Task objective. The reply should contain every line of the data, repeated exactly, and no pictures.

------------------------------

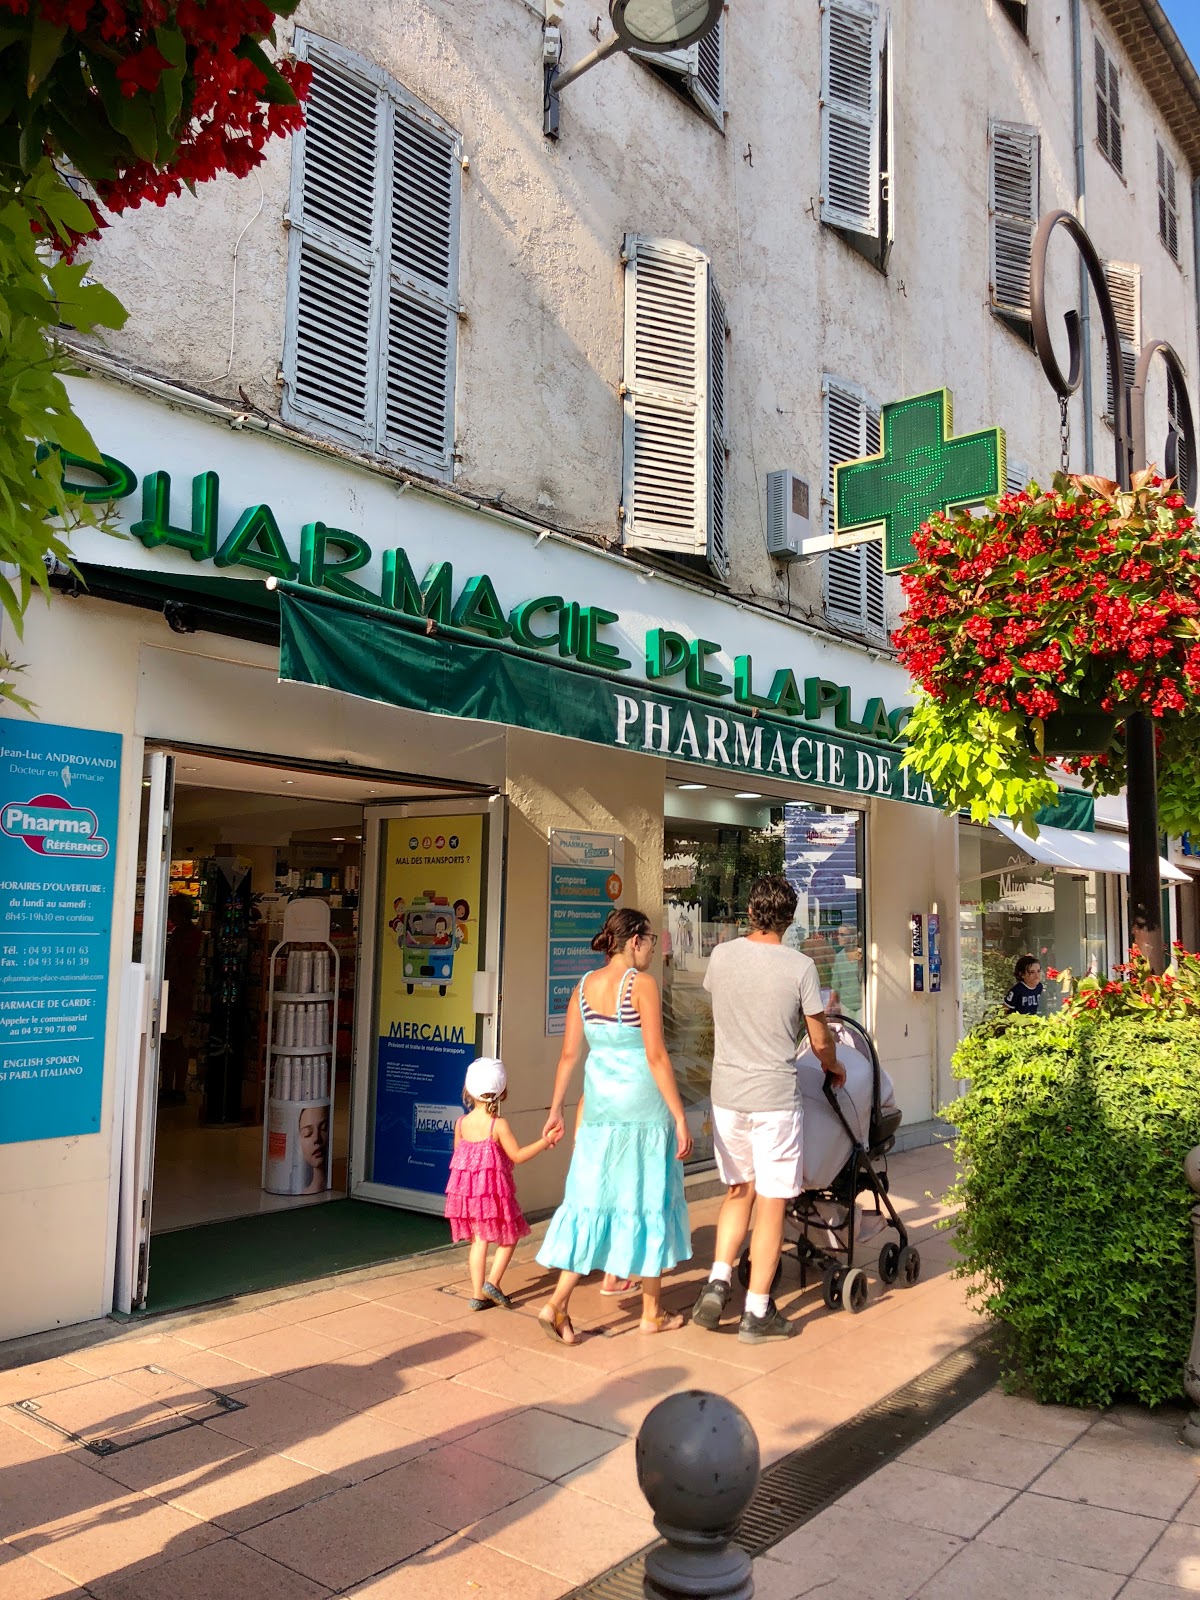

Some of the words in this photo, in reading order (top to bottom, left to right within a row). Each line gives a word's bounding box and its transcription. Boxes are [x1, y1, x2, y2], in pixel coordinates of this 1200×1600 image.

[35, 441, 632, 670] PHARMACIE
[645, 627, 733, 696] DE
[734, 654, 805, 716] LA
[613, 693, 845, 788] PHARMACIE
[855, 750, 893, 795] DE
[901, 764, 935, 803] LA
[0, 746, 43, 761] Jean-Luc
[45, 752, 117, 769] ANDROVANDI
[9, 764, 46, 776] Docteur
[47, 770, 58, 778] en
[6, 808, 92, 834] Pharma
[46, 839, 103, 853] RÉFÉRENCE
[395, 857, 410, 865] MAL
[411, 856, 423, 865] DES
[424, 855, 464, 864] TRANSPORTS
[555, 875, 587, 885] Comparez
[9, 898, 20, 908] du
[23, 898, 44, 908] lundi
[58, 900, 86, 908] samedi
[5, 912, 54, 921] 8h45-19h30
[66, 914, 94, 922] continu
[911, 920, 921, 955] MANIX
[3, 946, 18, 954] Tél.
[28, 946, 39, 954] 04
[41, 946, 52, 954] 93
[55, 946, 64, 954] 34
[66, 946, 76, 954] 01
[78, 946, 89, 954] 63
[1, 958, 18, 966] Fax.
[28, 958, 39, 966] 04
[41, 957, 52, 966] 93
[55, 957, 64, 966] 34
[66, 957, 76, 965] 61
[79, 957, 89, 965] 39
[553, 986, 570, 995] Carte
[47, 999, 59, 1008] DE
[61, 998, 91, 1008] GARDE
[1022, 993, 1041, 1006] POLO
[0, 1016, 29, 1027] Appeler
[31, 1015, 38, 1024] le
[40, 1013, 88, 1023] commissariat
[9, 1028, 19, 1036] au
[21, 1027, 31, 1035] 04
[33, 1026, 43, 1034] 92
[56, 1025, 66, 1033] 78
[67, 1024, 77, 1032] 00
[389, 1021, 464, 1043] MERCALM
[3, 1057, 43, 1069] ENGLISH
[45, 1055, 80, 1066] SPOKEN
[9, 1070, 38, 1080] PARLA
[40, 1066, 83, 1078] ITALIANO
[417, 1118, 456, 1132] MERCAL
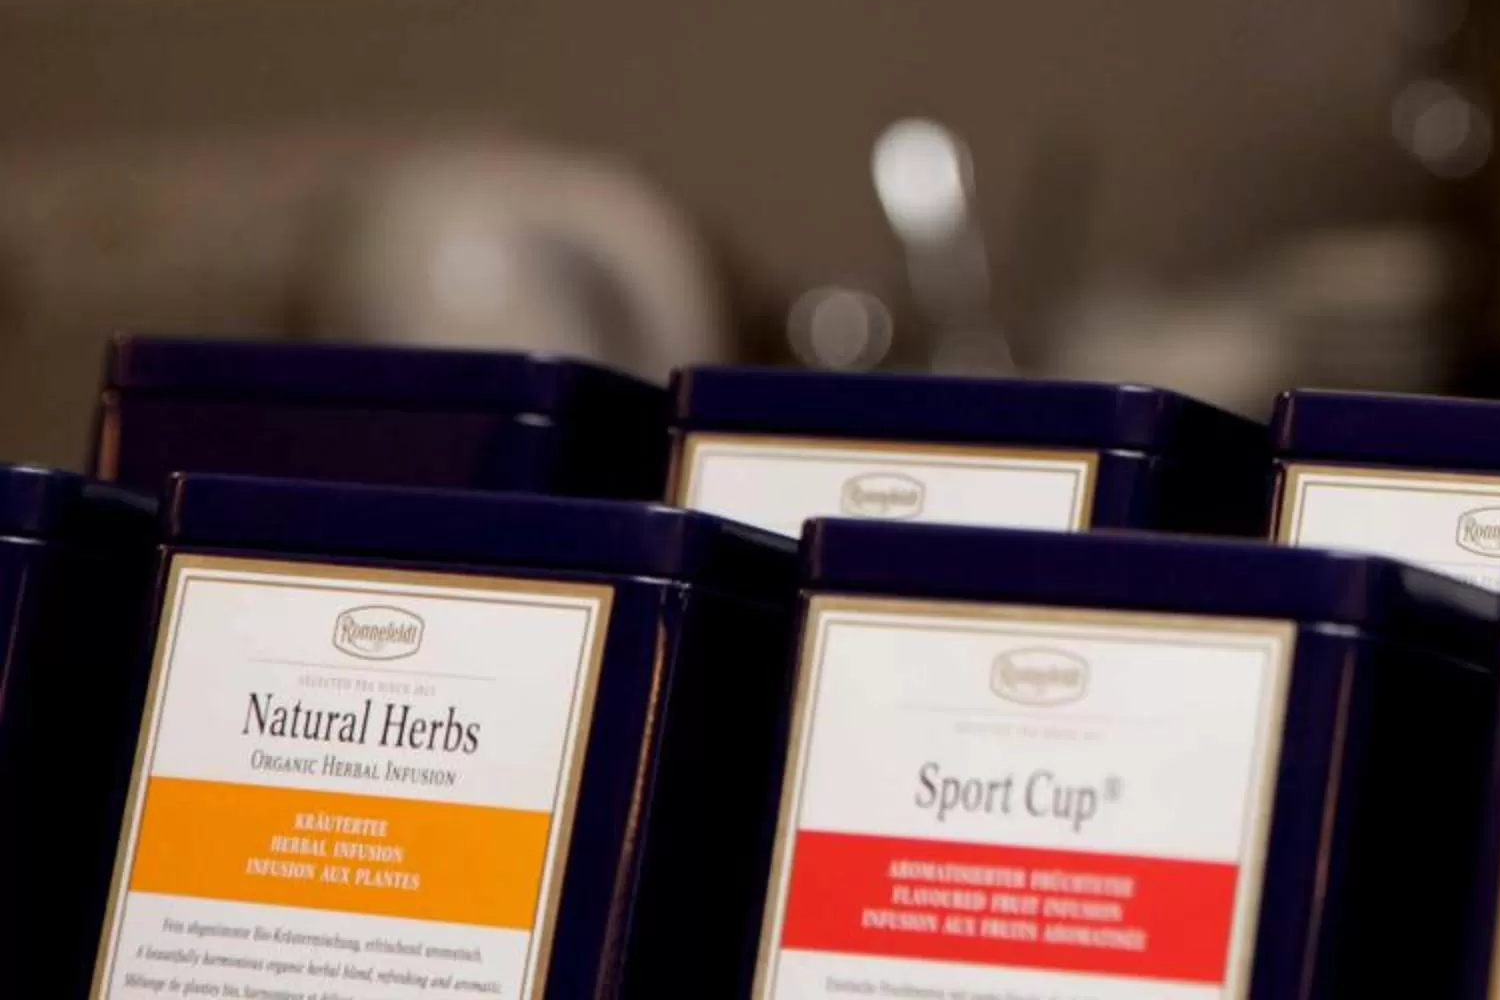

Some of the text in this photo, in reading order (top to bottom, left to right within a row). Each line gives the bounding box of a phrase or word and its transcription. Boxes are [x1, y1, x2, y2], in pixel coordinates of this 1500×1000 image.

[242, 691, 481, 754] Natural Herbs
[914, 761, 1013, 822] Sport

------------------------------

Exercise result.
Some of the words in this photo, in reading order (top to bottom, left to right within a row). Each line gives a word's bounding box and its transcription. Boxes are [x1, y1, x2, y2], in pixel coordinates of this 1200×1600 image.

[35, 441, 632, 670] PHARMACIE
[645, 627, 733, 696] DE
[734, 654, 805, 716] LA
[613, 693, 845, 788] PHARMACIE
[855, 750, 893, 795] DE
[901, 764, 935, 803] LA
[0, 746, 43, 761] Jean-Luc
[45, 752, 117, 769] ANDROVANDI
[9, 764, 46, 776] Docteur
[47, 770, 58, 778] en
[6, 808, 92, 834] Pharma
[46, 839, 103, 853] RÉFÉRENCE
[395, 857, 410, 865] MAL
[411, 856, 423, 865] DES
[424, 855, 464, 864] TRANSPORTS
[555, 875, 587, 885] Comparez
[9, 898, 20, 908] du
[23, 898, 44, 908] lundi
[58, 900, 86, 908] samedi
[5, 912, 54, 921] 8h45-19h30
[66, 914, 94, 922] continu
[911, 920, 921, 955] MANIX
[3, 946, 18, 954] Tél.
[28, 946, 39, 954] 04
[41, 946, 52, 954] 93
[55, 946, 64, 954] 34
[66, 946, 76, 954] 01
[78, 946, 89, 954] 63
[1, 958, 18, 966] Fax.
[28, 958, 39, 966] 04
[41, 957, 52, 966] 93
[55, 957, 64, 966] 34
[66, 957, 76, 965] 61
[79, 957, 89, 965] 39
[553, 986, 570, 995] Carte
[47, 999, 59, 1008] DE
[61, 998, 91, 1008] GARDE
[1022, 993, 1041, 1006] POLO
[0, 1016, 29, 1027] Appeler
[31, 1015, 38, 1024] le
[40, 1013, 88, 1023] commissariat
[9, 1028, 19, 1036] au
[21, 1027, 31, 1035] 04
[33, 1026, 43, 1034] 92
[56, 1025, 66, 1033] 78
[67, 1024, 77, 1032] 00
[389, 1021, 464, 1043] MERCALM
[3, 1057, 43, 1069] ENGLISH
[45, 1055, 80, 1066] SPOKEN
[9, 1070, 38, 1080] PARLA
[40, 1066, 83, 1078] ITALIANO
[417, 1118, 456, 1132] MERCAL

Some of the text in this photo, in reading order (top to bottom, left to right within a row). Each line gives the bounding box of a phrase or word and its transcription. Boxes are [x1, y1, x2, y2], in pixel coordinates of this 1500×1000 image.

[242, 691, 481, 754] Natural Herbs
[914, 761, 1013, 822] Sport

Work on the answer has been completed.